At least 10 dead in Myanmar junta airstrikes on Sagaing village

An aerial assault targeting a village in Sagaing Region’s Pale Township on Tuesday afternoon killed at least 10 civilians, including a Buddhist monk, according to local sources.

The attack on Nyaung Kone, a village located less that 10km southwest of the town of Pale, took place at around 3pm and also destroyed a monastery and more than a dozen houses, the sources said.

Seven of the victims were killed in a house directly in front of the monastery. They included the monk and four of his relatives, as well as a man and his nephew who were also staying in the house, locals told Myanmar Now.

Some of the people killed by the airstrikes on Nyaung Koneon June 27 (Supplied)

The three remaining victims were in other houses in the area, they added.

One of the deceased was among six people who were taken to the hospital after the attack, while the other nine were killed instantly, locals said.

According to a member of the Yinmabin District People’s Defence Force (PDF), which helped to evacuate the village after the attack, some of the bodies were still burning when resistance forces arrived on the scene.

“One person had their face completely blown off. Some of the bodies were on fire, which we had to drag out of the burning buildings,” he said.

The victims, including 47-year-old monk Kyaw Myint Tun, were all aged between 18 and 65, according to PDF sources.

A man who survived the attack told Myanmar Now that it came completely without warning.

“We didn’t even hear the aircraft as it approached. There was just a whooshing sound when it was already too close for us to get away, followed soon after by a bang,” he said.

A piece of shrapnel from that first blast pierced a pole in his house near where his son was sleeping, the man said. Grabbing his son, he ran into the washroom to take shelter, but then fled towards the monastery, thinking it would be safer, he added.
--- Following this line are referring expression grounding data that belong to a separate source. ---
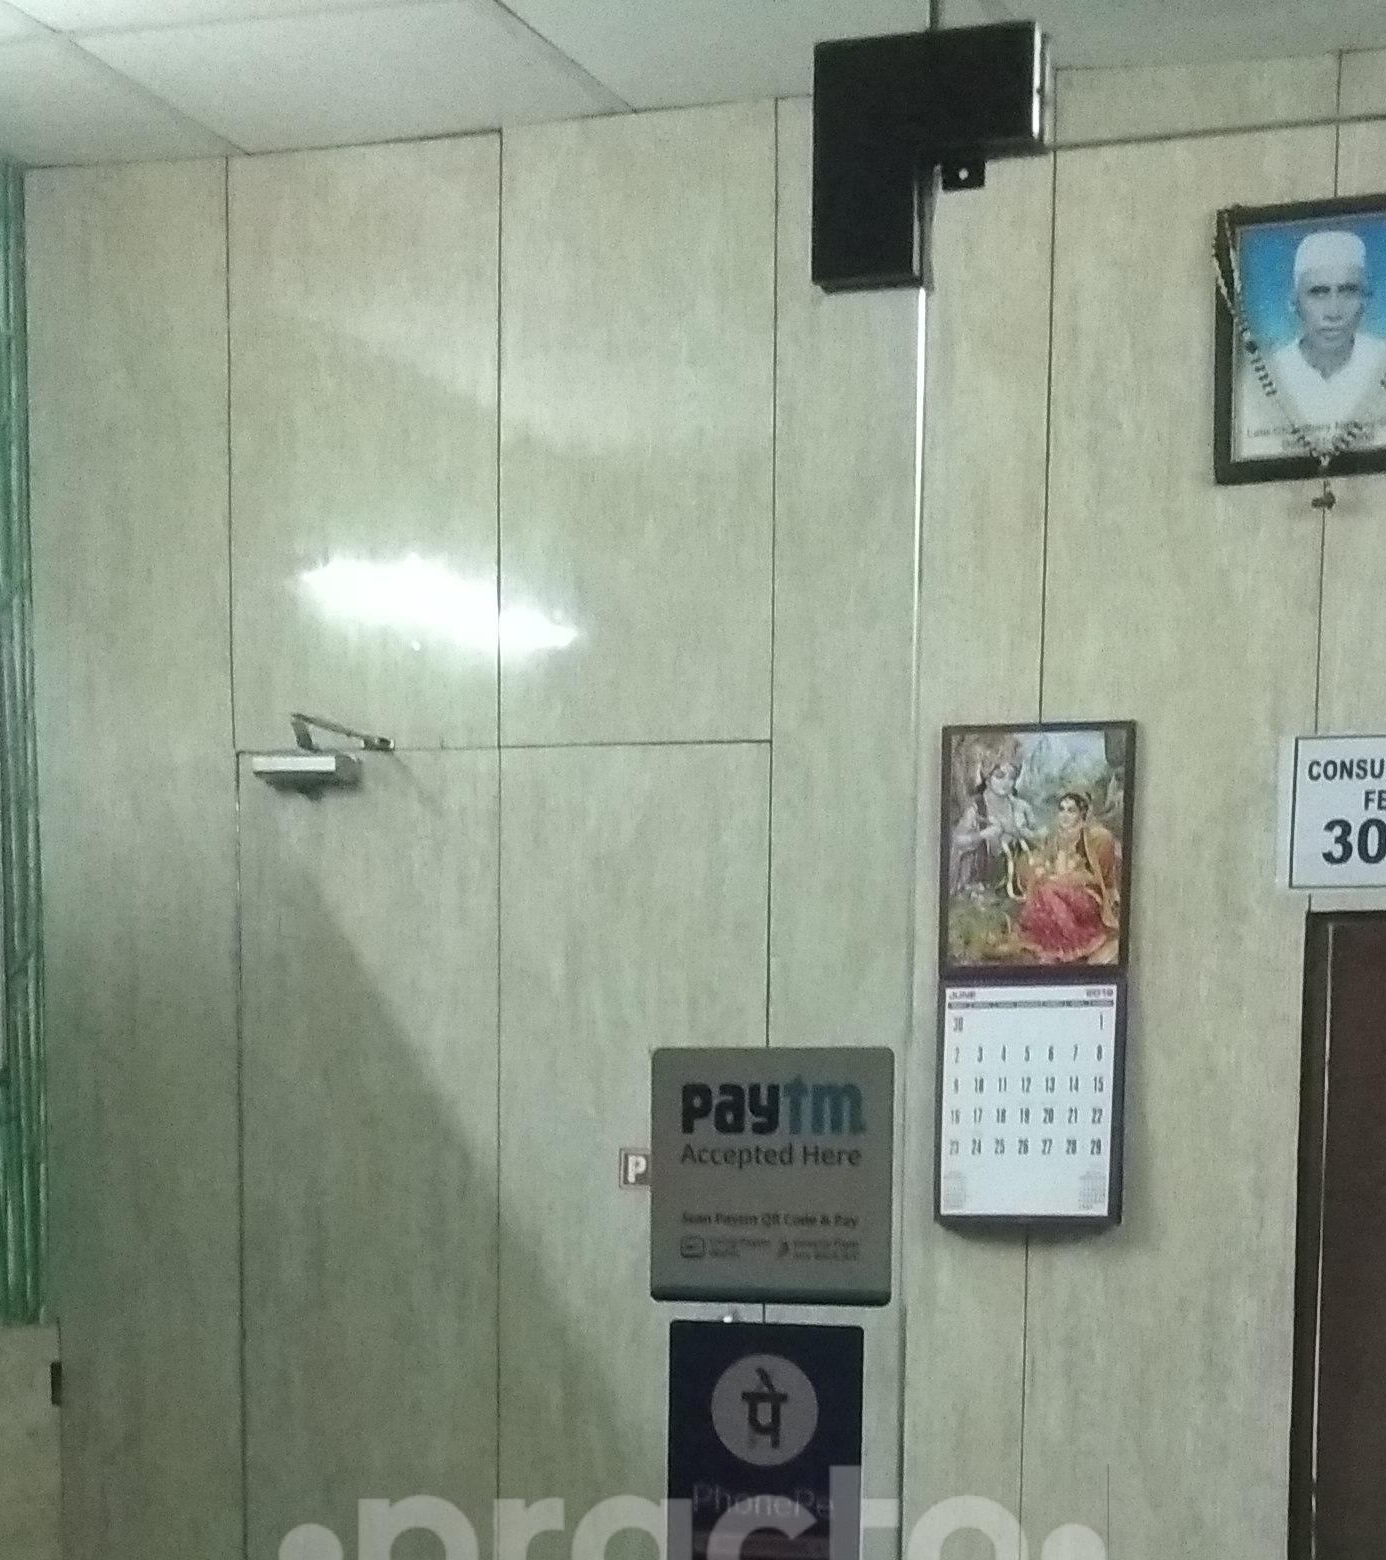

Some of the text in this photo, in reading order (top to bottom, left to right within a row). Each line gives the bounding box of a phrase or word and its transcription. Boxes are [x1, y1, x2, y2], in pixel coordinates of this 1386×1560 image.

[954, 1017, 963, 1032] 30
[978, 1046, 983, 1063] 3
[1024, 1046, 1030, 1062] 5
[1049, 1045, 1054, 1062] 6
[1073, 1044, 1078, 1061] 7
[975, 1078, 984, 1093] 10
[999, 1077, 1007, 1092] 11
[1022, 1077, 1031, 1092] 12
[1046, 1077, 1055, 1092] 13
[1069, 1076, 1079, 1092] 14
[1094, 1076, 1103, 1092] 15
[974, 1108, 983, 1124] 17
[997, 1108, 1006, 1123] 18
[1020, 1108, 1029, 1124] 19
[1043, 1108, 1054, 1124] 20
[1068, 1108, 1078, 1124] 21
[1092, 1108, 1103, 1124] 22
[972, 1139, 981, 1155] 24
[995, 1139, 1005, 1154] 25
[1018, 1139, 1029, 1154] 26
[1042, 1139, 1053, 1155] 27
[1066, 1139, 1077, 1155] 28
[1091, 1139, 1101, 1155] 29
[680, 1142, 863, 1170] Accepted Here
It was while he and other family members hid inside a tunnel near the monastery that he heard more bombs being dropped from a fighter jet, as well as machine gun fire, he said.
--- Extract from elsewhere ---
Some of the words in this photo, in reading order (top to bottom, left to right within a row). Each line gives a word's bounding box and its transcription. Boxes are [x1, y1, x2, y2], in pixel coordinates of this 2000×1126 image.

“I think they were incendiary bombs,” said the man, describing the intense fires that broke out immediately after the second attack.
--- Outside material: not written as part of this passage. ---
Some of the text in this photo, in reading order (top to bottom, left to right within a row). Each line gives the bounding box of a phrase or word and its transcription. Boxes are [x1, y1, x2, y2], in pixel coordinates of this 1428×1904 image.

Another local said that houses near the monastery burned down within minutes of being hit. He added that the explosions left five craters, each about a metre and a half deep, in the ground.

The man said he didn’t know why the village was attacked, as there were no armed groups based there or in the surrounding area.

“We really didn’t think they would attack us, as we weren’t involved in the resistance movement. I couldn’t believe it until I saw it with my own eyes. Now I don’t want to sit and wait for them to come kill me. Give me a gun and I’ll fight back,” he said.

Most of the village’s 300 households were still displaced on Wednesday amid rumours that a second assault was planned, sources there said.

Zaw Htet, a spokesperson for the Pale Township PDF, denounced the attack as “an inhuman act” by the junta’s air force.

“I wouldn’t complain if they were going after a military target, but this was a purely civilian village,” he said.

Another airstrike was also reported later the same day at Chin Pyit, a village located about 25km northwest of Nyaung Kone. Two people were injured in that attack, according to sources.

A map shows where airstrikes were carried out by Myanmar’s military in Pale Township on June 27

Myanmar’s military has relied heavily on its total control over the country’s airspace to target opponents of its rule since it seized power more than two years ago.

Its indiscriminate use of fighter jets and attack helicopters imported from Russia and China has been widely condemned for taking a heavy toll on civilians in conflict areas.
In a single incident on April 11, more than 160 people, including dozens of children, were killed in the village of Pa Zi Gyi in Sagaing’s Kanbalu Township, sparking international outrage.